START INPUT DATA

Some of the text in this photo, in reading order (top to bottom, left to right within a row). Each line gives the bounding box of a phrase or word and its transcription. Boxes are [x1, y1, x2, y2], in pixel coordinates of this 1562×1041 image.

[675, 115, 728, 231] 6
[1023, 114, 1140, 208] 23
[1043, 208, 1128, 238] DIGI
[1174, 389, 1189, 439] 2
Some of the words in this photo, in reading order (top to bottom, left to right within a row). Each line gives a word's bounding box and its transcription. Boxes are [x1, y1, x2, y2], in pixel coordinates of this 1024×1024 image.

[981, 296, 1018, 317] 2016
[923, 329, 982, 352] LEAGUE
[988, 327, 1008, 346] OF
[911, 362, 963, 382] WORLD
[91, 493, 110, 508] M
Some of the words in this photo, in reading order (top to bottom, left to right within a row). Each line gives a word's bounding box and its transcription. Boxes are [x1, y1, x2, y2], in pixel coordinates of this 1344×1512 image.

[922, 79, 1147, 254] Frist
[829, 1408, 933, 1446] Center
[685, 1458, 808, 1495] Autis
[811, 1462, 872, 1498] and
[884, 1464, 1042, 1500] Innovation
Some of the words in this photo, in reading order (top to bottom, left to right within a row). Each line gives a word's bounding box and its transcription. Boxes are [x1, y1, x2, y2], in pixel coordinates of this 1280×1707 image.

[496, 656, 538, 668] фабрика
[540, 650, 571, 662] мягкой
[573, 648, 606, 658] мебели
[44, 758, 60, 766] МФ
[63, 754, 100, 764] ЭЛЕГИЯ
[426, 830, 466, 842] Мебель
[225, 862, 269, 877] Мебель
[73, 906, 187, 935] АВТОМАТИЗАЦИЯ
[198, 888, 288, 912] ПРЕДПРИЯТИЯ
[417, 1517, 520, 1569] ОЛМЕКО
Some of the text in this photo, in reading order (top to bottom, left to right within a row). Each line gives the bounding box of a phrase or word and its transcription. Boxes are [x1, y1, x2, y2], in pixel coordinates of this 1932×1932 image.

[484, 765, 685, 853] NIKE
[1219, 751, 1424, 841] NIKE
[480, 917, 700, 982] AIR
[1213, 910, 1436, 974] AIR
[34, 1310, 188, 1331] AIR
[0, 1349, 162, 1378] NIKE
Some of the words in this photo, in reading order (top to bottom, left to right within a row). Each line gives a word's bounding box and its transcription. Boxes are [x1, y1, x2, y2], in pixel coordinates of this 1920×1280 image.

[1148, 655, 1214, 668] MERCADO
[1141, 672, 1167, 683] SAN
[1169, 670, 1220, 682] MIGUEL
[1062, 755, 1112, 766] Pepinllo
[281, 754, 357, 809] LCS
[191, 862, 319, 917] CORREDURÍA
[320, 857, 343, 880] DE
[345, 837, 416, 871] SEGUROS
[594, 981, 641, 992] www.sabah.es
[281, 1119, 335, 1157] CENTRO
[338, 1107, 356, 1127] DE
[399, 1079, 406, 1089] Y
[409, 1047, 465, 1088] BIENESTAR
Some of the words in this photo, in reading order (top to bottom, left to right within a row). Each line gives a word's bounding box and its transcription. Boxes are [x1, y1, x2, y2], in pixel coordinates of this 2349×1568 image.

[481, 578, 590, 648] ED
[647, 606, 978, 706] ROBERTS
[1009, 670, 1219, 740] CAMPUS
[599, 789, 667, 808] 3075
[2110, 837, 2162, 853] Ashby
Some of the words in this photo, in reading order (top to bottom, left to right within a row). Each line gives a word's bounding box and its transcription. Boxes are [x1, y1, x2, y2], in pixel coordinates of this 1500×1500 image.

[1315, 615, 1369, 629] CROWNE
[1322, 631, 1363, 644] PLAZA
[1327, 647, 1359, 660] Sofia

END INPUT DATA

Transcribe the entire listing above.

Some of the text in this photo, in reading order (top to bottom, left to right within a row). Each line gives the bounding box of a phrase or word and its transcription. Boxes are [x1, y1, x2, y2], in pixel coordinates of this 1562×1041 image.

[675, 115, 728, 231] 6
[1023, 114, 1140, 208] 23
[1043, 208, 1128, 238] DIGI
[1174, 389, 1189, 439] 2
Some of the words in this photo, in reading order (top to bottom, left to right within a row). Each line gives a word's bounding box and its transcription. Boxes are [x1, y1, x2, y2], in pixel coordinates of this 1024×1024 image.

[981, 296, 1018, 317] 2016
[923, 329, 982, 352] LEAGUE
[988, 327, 1008, 346] OF
[911, 362, 963, 382] WORLD
[91, 493, 110, 508] M
Some of the words in this photo, in reading order (top to bottom, left to right within a row). Each line gives a word's bounding box and its transcription. Boxes are [x1, y1, x2, y2], in pixel coordinates of this 1344×1512 image.

[922, 79, 1147, 254] Frist
[829, 1408, 933, 1446] Center
[685, 1458, 808, 1495] Autis
[811, 1462, 872, 1498] and
[884, 1464, 1042, 1500] Innovation
Some of the words in this photo, in reading order (top to bottom, left to right within a row). Each line gives a word's bounding box and its transcription. Boxes are [x1, y1, x2, y2], in pixel coordinates of this 1280×1707 image.

[496, 656, 538, 668] фабрика
[540, 650, 571, 662] мягкой
[573, 648, 606, 658] мебели
[44, 758, 60, 766] МФ
[63, 754, 100, 764] ЭЛЕГИЯ
[426, 830, 466, 842] Мебель
[225, 862, 269, 877] Мебель
[73, 906, 187, 935] АВТОМАТИЗАЦИЯ
[198, 888, 288, 912] ПРЕДПРИЯТИЯ
[417, 1517, 520, 1569] ОЛМЕКО
Some of the text in this photo, in reading order (top to bottom, left to right within a row). Each line gives the bounding box of a phrase or word and its transcription. Boxes are [x1, y1, x2, y2], in pixel coordinates of this 1932×1932 image.

[484, 765, 685, 853] NIKE
[1219, 751, 1424, 841] NIKE
[480, 917, 700, 982] AIR
[1213, 910, 1436, 974] AIR
[34, 1310, 188, 1331] AIR
[0, 1349, 162, 1378] NIKE
Some of the words in this photo, in reading order (top to bottom, left to right within a row). Each line gives a word's bounding box and its transcription. Boxes are [x1, y1, x2, y2], in pixel coordinates of this 1920×1280 image.

[1148, 655, 1214, 668] MERCADO
[1141, 672, 1167, 683] SAN
[1169, 670, 1220, 682] MIGUEL
[1062, 755, 1112, 766] Pepinllo
[281, 754, 357, 809] LCS
[191, 862, 319, 917] CORREDURÍA
[320, 857, 343, 880] DE
[345, 837, 416, 871] SEGUROS
[594, 981, 641, 992] www.sabah.es
[281, 1119, 335, 1157] CENTRO
[338, 1107, 356, 1127] DE
[399, 1079, 406, 1089] Y
[409, 1047, 465, 1088] BIENESTAR
Some of the words in this photo, in reading order (top to bottom, left to right within a row). Each line gives a word's bounding box and its transcription. Boxes are [x1, y1, x2, y2], in pixel coordinates of this 2349×1568 image.

[481, 578, 590, 648] ED
[647, 606, 978, 706] ROBERTS
[1009, 670, 1219, 740] CAMPUS
[599, 789, 667, 808] 3075
[2110, 837, 2162, 853] Ashby
Some of the words in this photo, in reading order (top to bottom, left to right within a row). Each line gives a word's bounding box and its transcription. Boxes are [x1, y1, x2, y2], in pixel coordinates of this 1500×1500 image.

[1315, 615, 1369, 629] CROWNE
[1322, 631, 1363, 644] PLAZA
[1327, 647, 1359, 660] Sofia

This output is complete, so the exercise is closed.